New mapping data highlighted in an article in Chicago Magazine puts actual numbers behind the phrases “urban renewal” and “slum clearance.” These federal programs, which ran from the 1950s through the 1970s with the stated goal of revitalizing poorer, urban neighborhoods, are estimated to have displaced just over 1 million people over their lifetimes. The maps, created by the Digital Scholarship Lab at the University of Richmond focus on cities all over the country, but show that per capita, Chicago, Baltimore, and D.C. were the worst hit. Poor African American populations were affected most, but other income and ethnic groups were, as well, as large swaths of land promised for new housing were taken by commercial and industrial redevelopment. It is encouraging to see data behind these consequential aspects of 20th century policy (and the stories behind today’s main displacement catalyst, gentrification), as their aftershocks continue to be felt in individual displaced families as well as whole communities still attempting to recover, nearly forty years later.

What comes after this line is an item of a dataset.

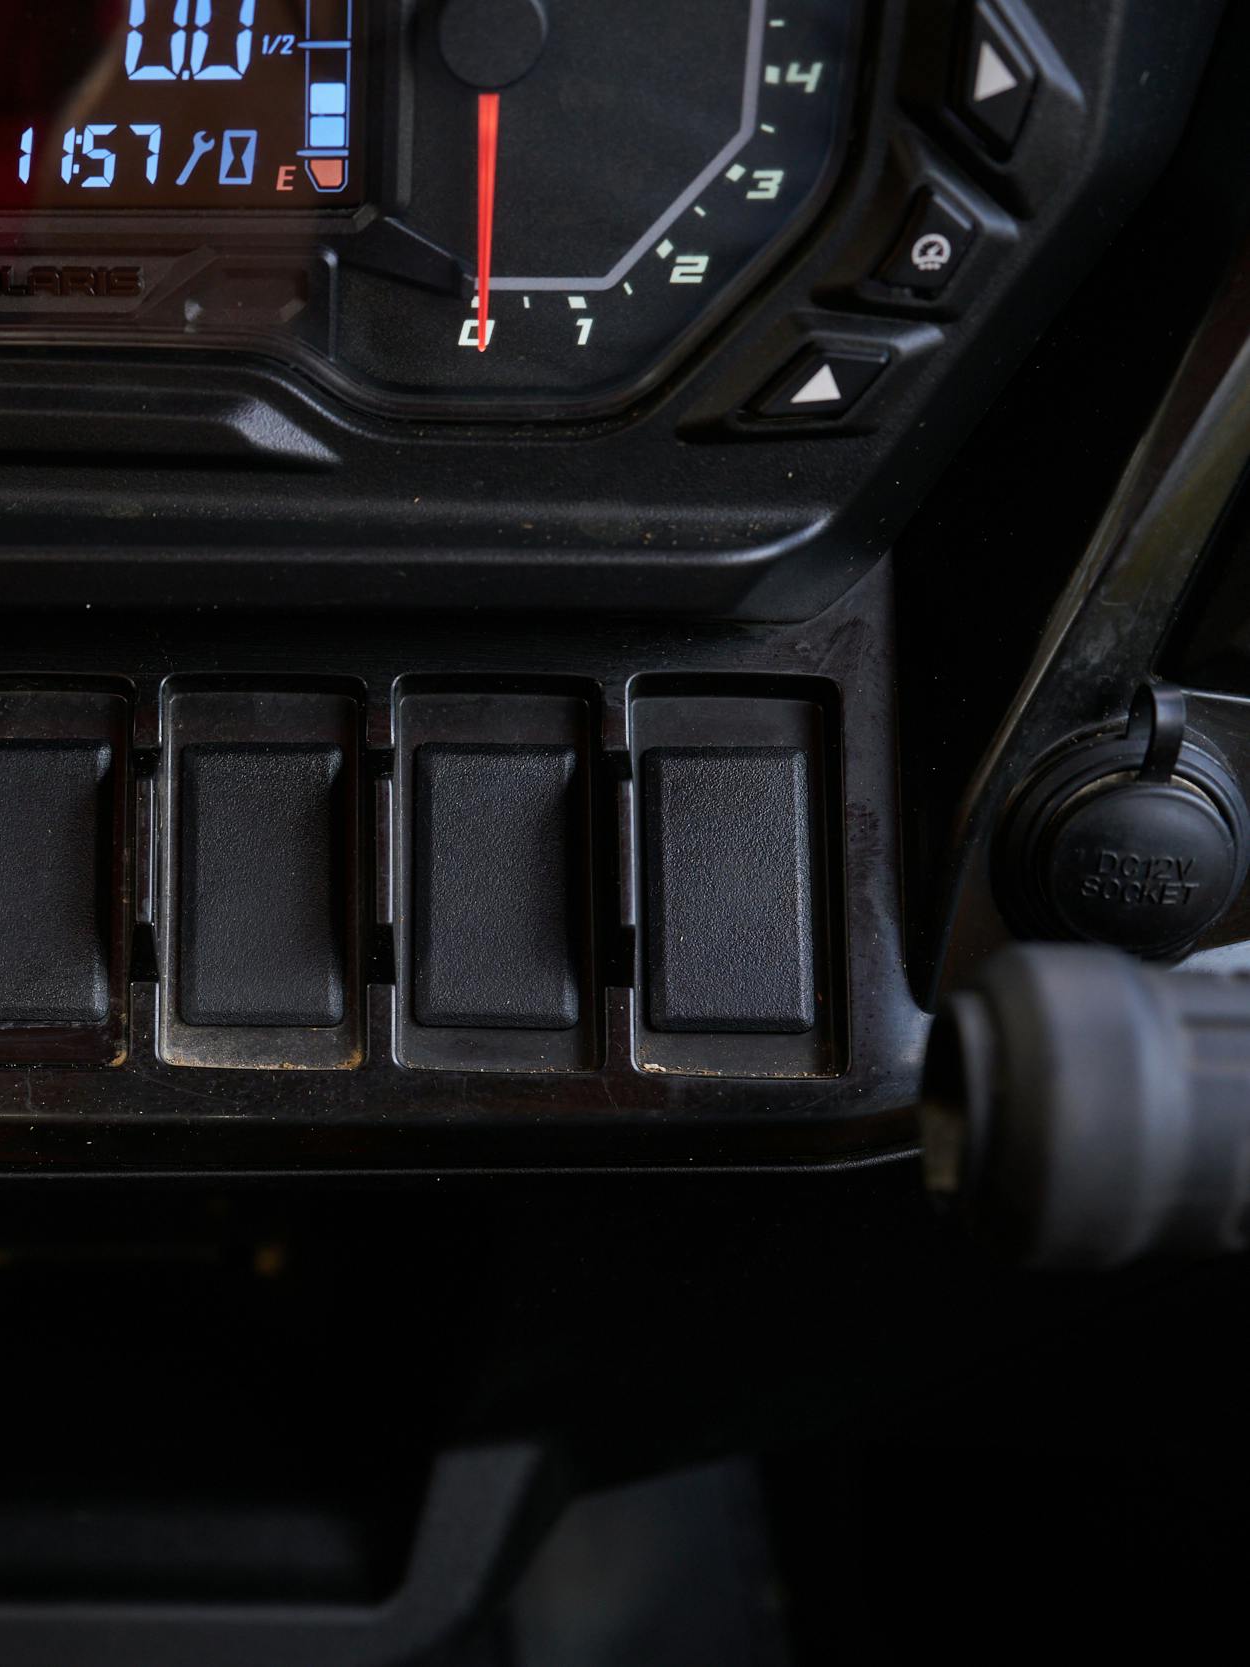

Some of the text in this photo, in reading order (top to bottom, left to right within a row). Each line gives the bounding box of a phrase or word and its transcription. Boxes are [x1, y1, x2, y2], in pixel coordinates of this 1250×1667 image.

When you think of unstable housing, you probably think about the constant moving from place to place or homelessness, but according to a recent paper by Megan Sandel, et. al, in Pediatrics, rent strain—a.k.a. being behind on rent—should also be on your list because it is the most prevalent form of housing instability. This is important because unstable housing has negative health impacts on caregivers and young children, but if health providers focus only on families that have moved multiple times in a year and those who have a history of homelessness, they’re missing out on a large portion of the low-income population that requires their services, too.

We’re giving the Trump administration’s plan to add working requirements to Medicaid two enthusiastic thumbs down. The administration is encouraging states to require that childless adults who are not disabled to work or take part in “community engagement activities” in order to get benefits, according to the New York Times, and it’s all under the guise of making people healthier. But it’s all nonsense. While studies on work requirements show that they  “appear to have nudged some beneficiaries who were close to the poverty line above it, they do not appear to have meaningfully improved the long-term financial circumstances of eligible people, who were predominantly parents of young children with low levels of education.” So if it’s not helping long-term financial situations, how can these requirements make Medicaid recipients healthier?

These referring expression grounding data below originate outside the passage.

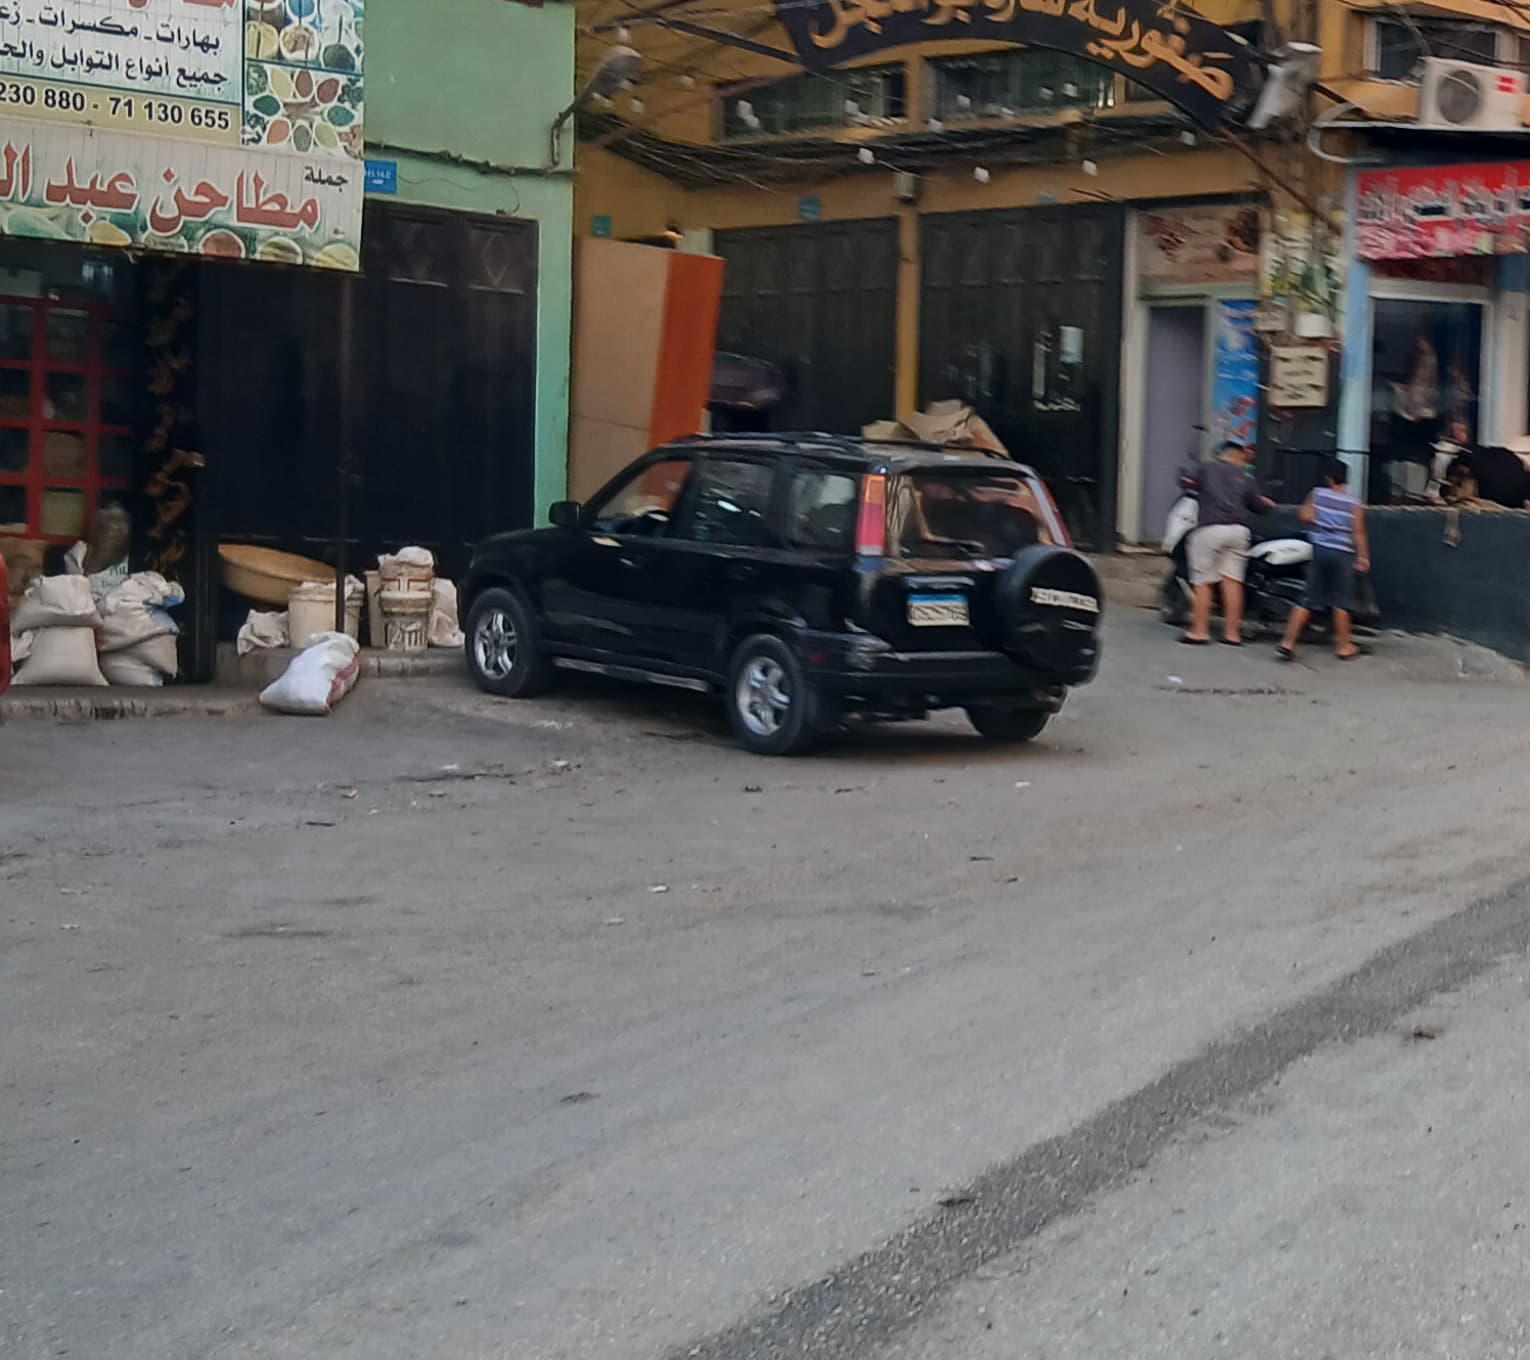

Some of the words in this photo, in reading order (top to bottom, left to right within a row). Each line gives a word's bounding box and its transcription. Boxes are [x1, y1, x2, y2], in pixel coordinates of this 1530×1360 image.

[38, 5, 139, 39] مكسرات
[156, 23, 220, 56] بهارات
[50, 45, 119, 73] التوابل
[176, 67, 228, 92] جميع
[44, 88, 86, 112] 880
[109, 96, 133, 118] 71
[144, 101, 183, 124] 130
[190, 107, 230, 130] 655
[46, 155, 138, 224] عبد
[304, 165, 349, 192] جملة
[150, 167, 320, 234] مطاحن

Now this is a refreshing concept: A university program in Philly is training medical students to think like city planners and design healthier cities. The program, which is coming up in its third year, “focuses on design applications aimed at impacting real people’s health, from 3D printing that will help improve surgery to redesigning the physical space of hospitals. Most importantly, it’s about exploring the ways infrastructure, community, and the built environment can have a positive impact on health.” If we want to address the social determinants of health, now and in the future, we need more of this.

Person sleeping on street

Photo by duncan c, via flickr, CC BY-NC 2.0

Point-in time counts took place all over the country this week. While we have shared the opinions over the years of professionals who assert that the counts are inherently inaccurate (especially for rural areas) because they focus on people on the streets, not necessarily families living in relatives’ homes, or people who are in constant danger of being evicted—we acknowledge that it is a start, as well as the effort of thousands of volunteers who take part in this very important activity. You cannot tackle a crisis until you know its full scope.